Before the Court is Plaintiffs’ motion requesting enforcement of a settlement agreement that they understand was reached with Defendants Banco Financiero de Puerto Rico and the Commonwealth of *187 Puerto Rico (Docket # 93). After reviewing Plaintiffs’ motion, the documentary evidence accompanying it, and Defendant’s opposition (Docket #96), the Court will GRANT Plaintiffs’ motion and enter Judgment in their favor.

Factual and Procedural Background

The above-captioned case has been pending before this Court since July 20, 1998. Recently, however, the Court has held two settlement conferences with counsel for all parties present. See Docket ## 80 and 87. During those conferences, the Court suggested that the case be settled by having Banco Financiero cancel Plaintiffs’ debt to the bank of approximately $223,000.00 (which appears to be unrecoverable at this time), and by having the Commonwealth and the bank combine to give a nominal amount of around $15,000.00 to Plaintiffs in consideration of their children’s state law claims. Such a settlement would have disposed of the whole case, including all the Plaintiffs’ federal and state law claims.

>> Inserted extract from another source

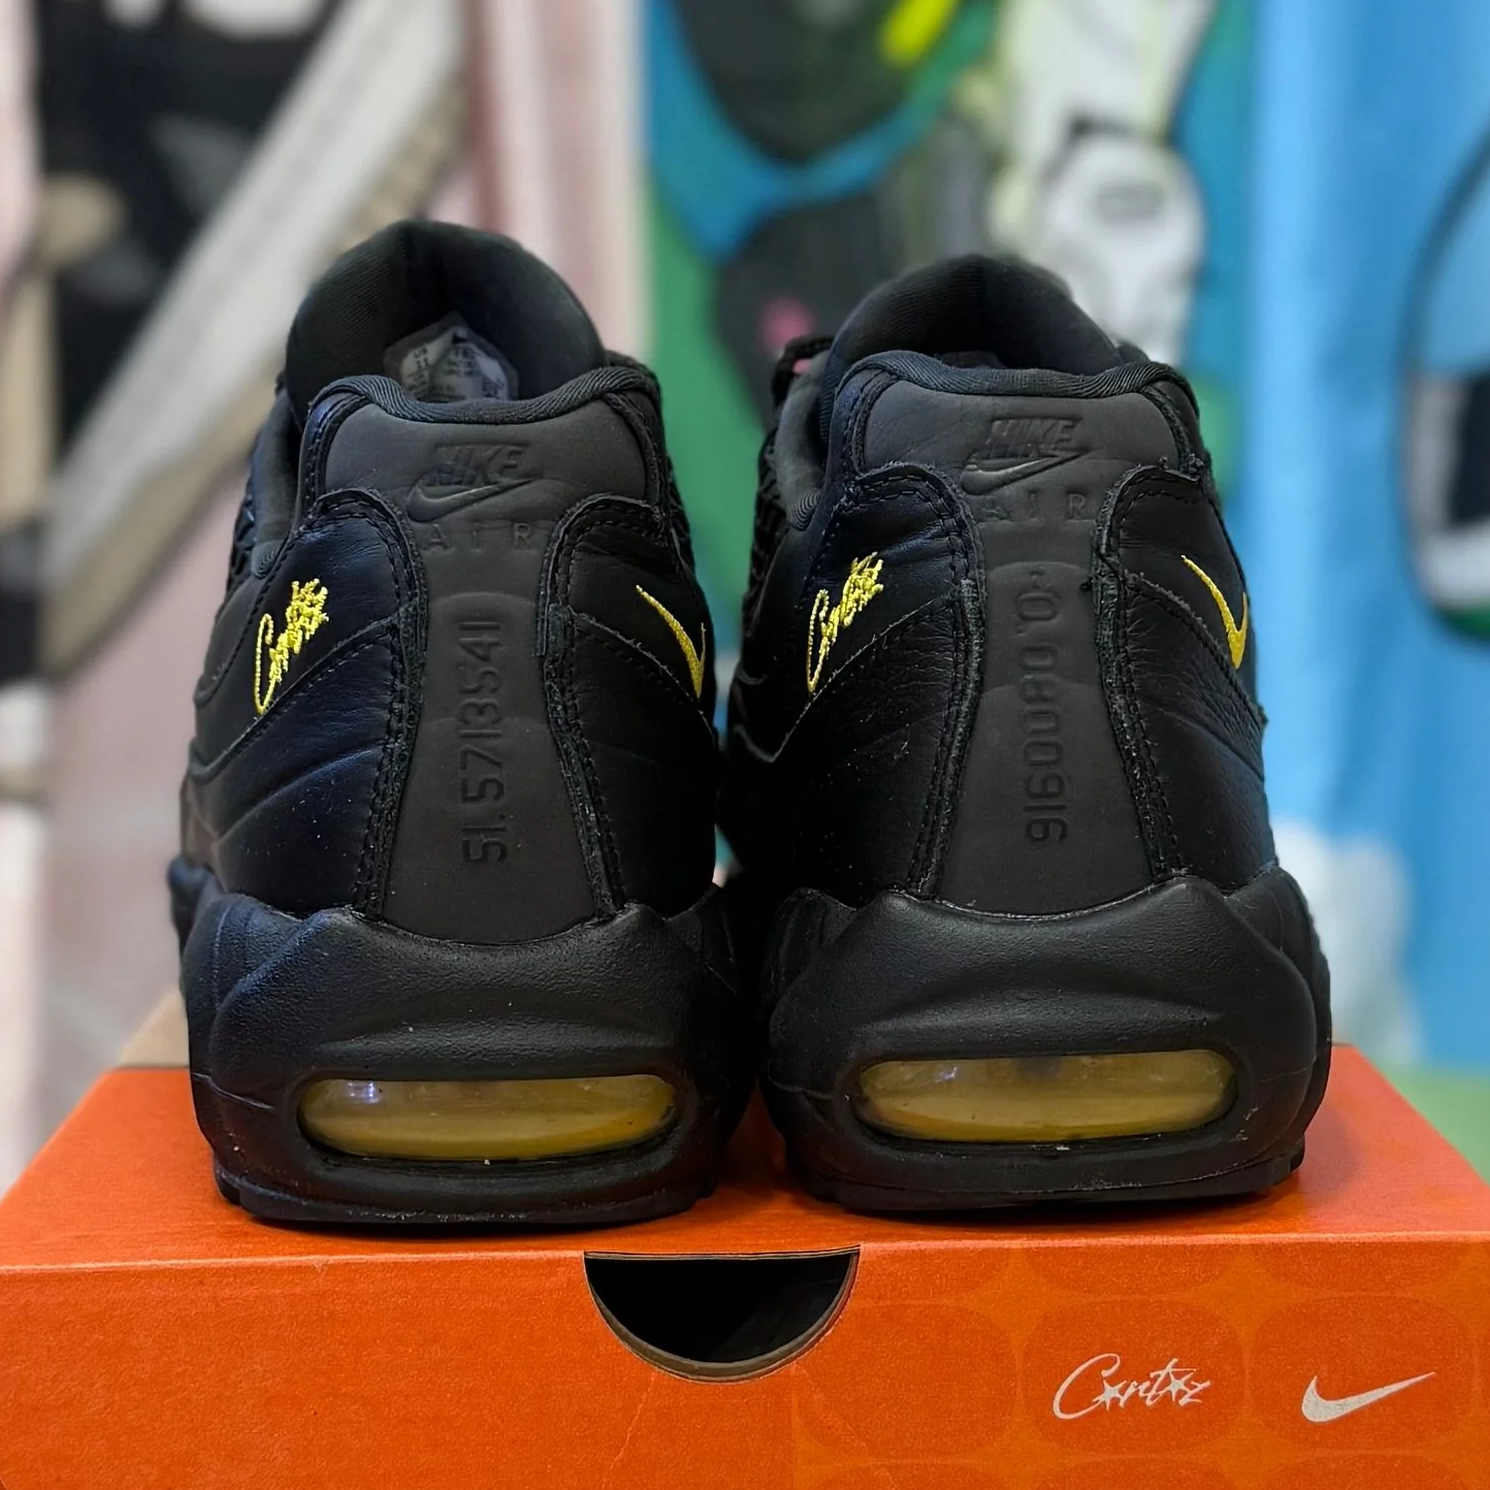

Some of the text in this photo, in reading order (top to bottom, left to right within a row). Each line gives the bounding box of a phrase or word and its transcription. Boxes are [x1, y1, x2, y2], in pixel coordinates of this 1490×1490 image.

[981, 420, 1076, 459] NIKE
[426, 445, 526, 487] NIKE
[420, 523, 533, 553] AIR

Thereafter, on March 14, 2002, Plaintiffs filed a motion informing the Court that they had reached a settlement agreement with Defendants (Docket # 89). The Court granted the parties until March 29, 2002 to file said agreement (Docket # 90). On April 4, 2002, Plaintiffs filed another informative motion requesting that the Court grant them an extension of time to file the stipulation because Banco Finan-ciero’s counsel had informed them that they needed a little more time to take care of the required paperwork (Docket # 91). The Court granted the parties until April 19, 2002 (Docket # 92). The parties failed to file the stipulation and instead, on May 1, 2002, Plaintiffs filed the motion requesting enforcement of the settlement agreement which is the subject of this Opinion and Order.

Plaintiffs claim that a binding settlement agreement was reached by the parties through a series of letters. They have produced a letter dated February 19, 2002 from Banco Financiero’s counsel to Plaintiffs’ counsel in which the bank offered to raise its initial counter-offer to extinguish the full amount of Plaintiffs’ debt, with an additional payment of $5,000.00, partly in consideration of the pending state claims of the minor children who witnessed the arrest. Docket # 93, Exhibit A. Furthermore, the letter stated that the Commonwealth appeared to be willing to contribute some other small amount so that the case might be settled. In fact, Plaintiffs have also filed a copy of a letter dated February 22, 2002 from the Department of Justice in which the Commonwealth offered to contribute another $6,000.00 so that the case could be disposed of. Docket #93, Exhibit B.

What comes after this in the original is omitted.